None of the pictures should be copied, though every line of the listing must be printed exactly.

Content starts

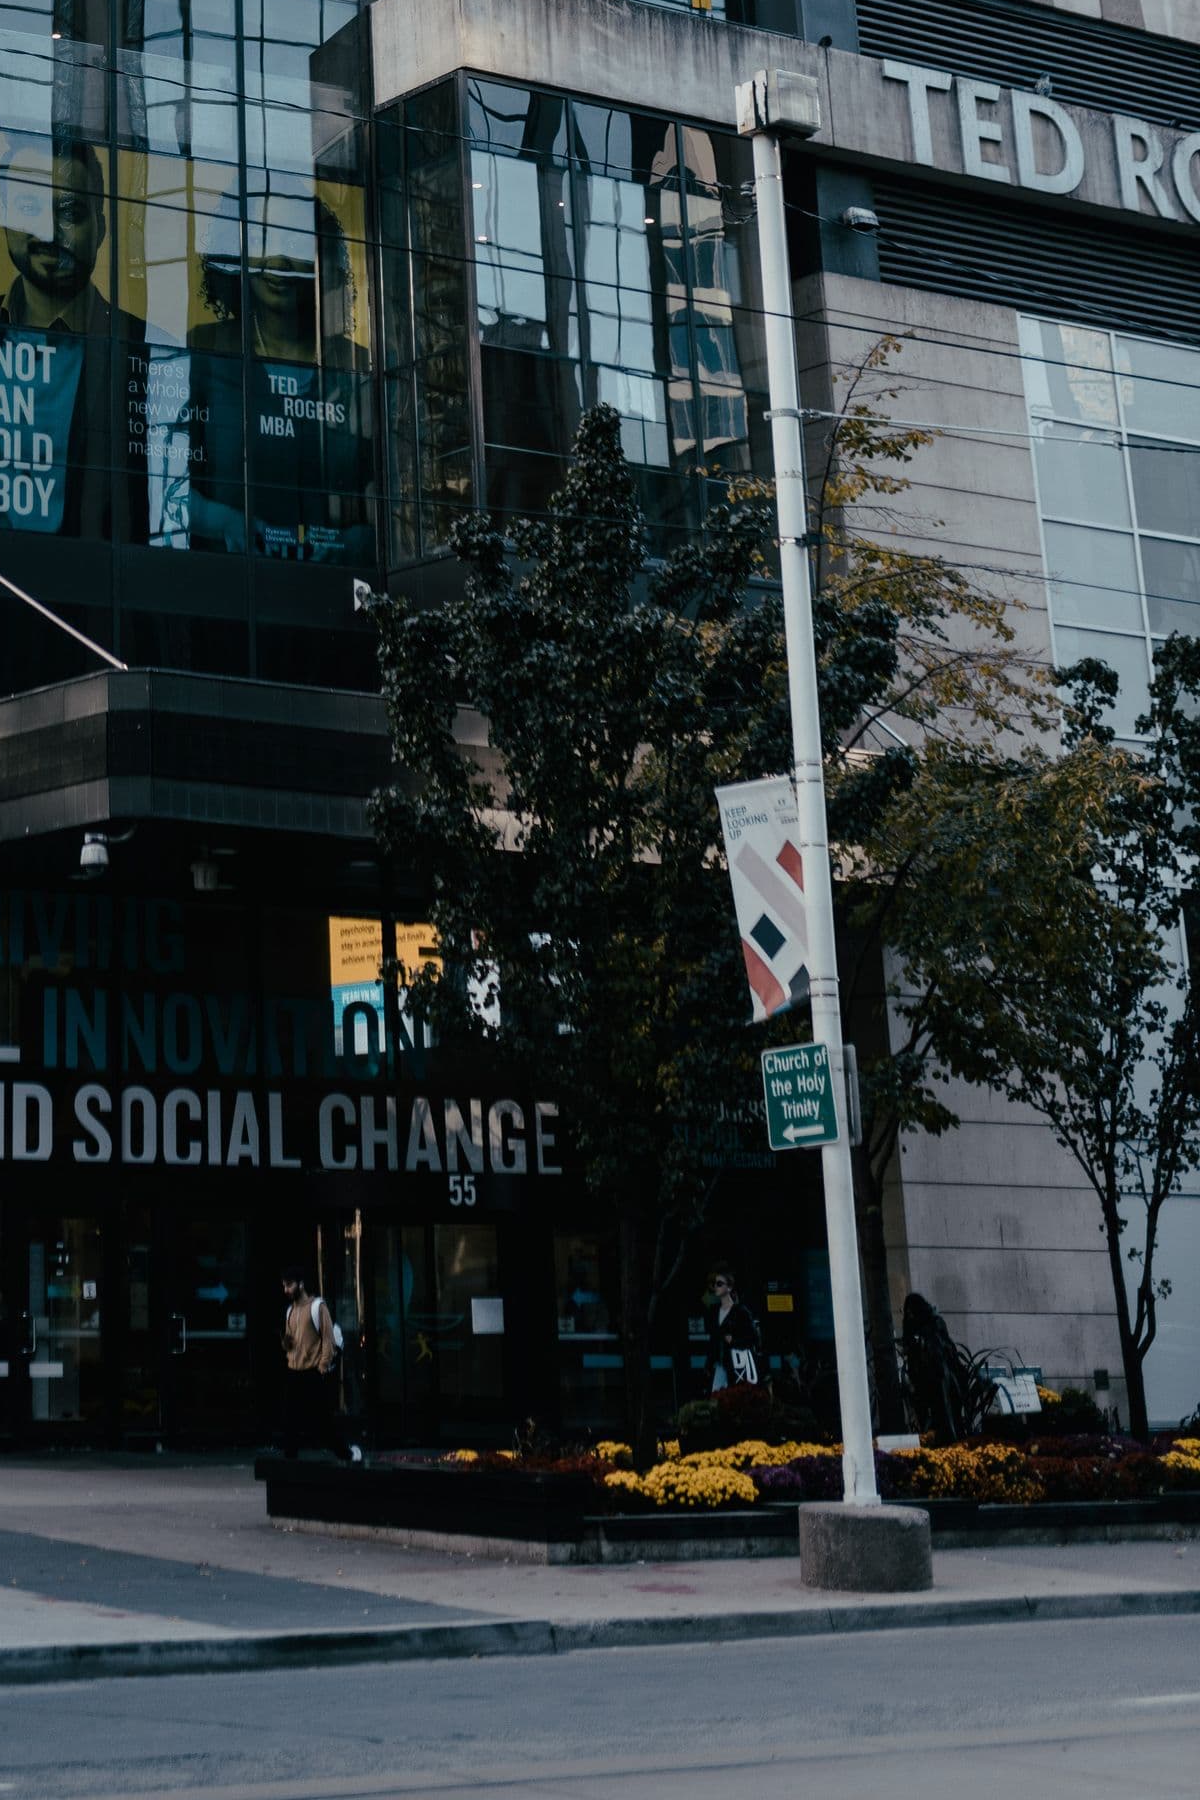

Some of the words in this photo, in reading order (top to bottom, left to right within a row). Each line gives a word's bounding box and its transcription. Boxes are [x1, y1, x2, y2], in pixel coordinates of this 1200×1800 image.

[882, 58, 1085, 195] TED
[128, 355, 184, 379] There's
[128, 380, 138, 393] a
[142, 380, 189, 399] whole
[268, 374, 298, 396] TED
[128, 400, 161, 416] new
[167, 404, 210, 423] world
[284, 397, 345, 423] ROGERS
[128, 417, 144, 434] to
[149, 419, 168, 436] be
[260, 414, 296, 438] MBA
[128, 440, 208, 462] mastered.
[724, 806, 747, 818] KEEP
[727, 813, 768, 830] LOOKING
[729, 829, 742, 840] UP
[42, 983, 427, 1080] INNOVATION
[765, 1050, 809, 1074] Church
[814, 1046, 827, 1067] of
[771, 1077, 792, 1097] the
[796, 1072, 825, 1096] Holy
[781, 1098, 820, 1121] Trinity
[73, 1083, 301, 1167] SOCIAL
[318, 1094, 563, 1174] CHANGE
[449, 1175, 476, 1206] 55

Content ends

Result for this task:
Some of the words in this photo, in reading order (top to bottom, left to right within a row). Each line gives a word's bounding box and its transcription. Boxes are [x1, y1, x2, y2], in pixel coordinates of this 1200×1800 image.

[882, 58, 1085, 195] TED
[128, 355, 184, 379] There's
[128, 380, 138, 393] a
[142, 380, 189, 399] whole
[268, 374, 298, 396] TED
[128, 400, 161, 416] new
[167, 404, 210, 423] world
[284, 397, 345, 423] ROGERS
[128, 417, 144, 434] to
[149, 419, 168, 436] be
[260, 414, 296, 438] MBA
[128, 440, 208, 462] mastered.
[724, 806, 747, 818] KEEP
[727, 813, 768, 830] LOOKING
[729, 829, 742, 840] UP
[42, 983, 427, 1080] INNOVATION
[765, 1050, 809, 1074] Church
[814, 1046, 827, 1067] of
[771, 1077, 792, 1097] the
[796, 1072, 825, 1096] Holy
[781, 1098, 820, 1121] Trinity
[73, 1083, 301, 1167] SOCIAL
[318, 1094, 563, 1174] CHANGE
[449, 1175, 476, 1206] 55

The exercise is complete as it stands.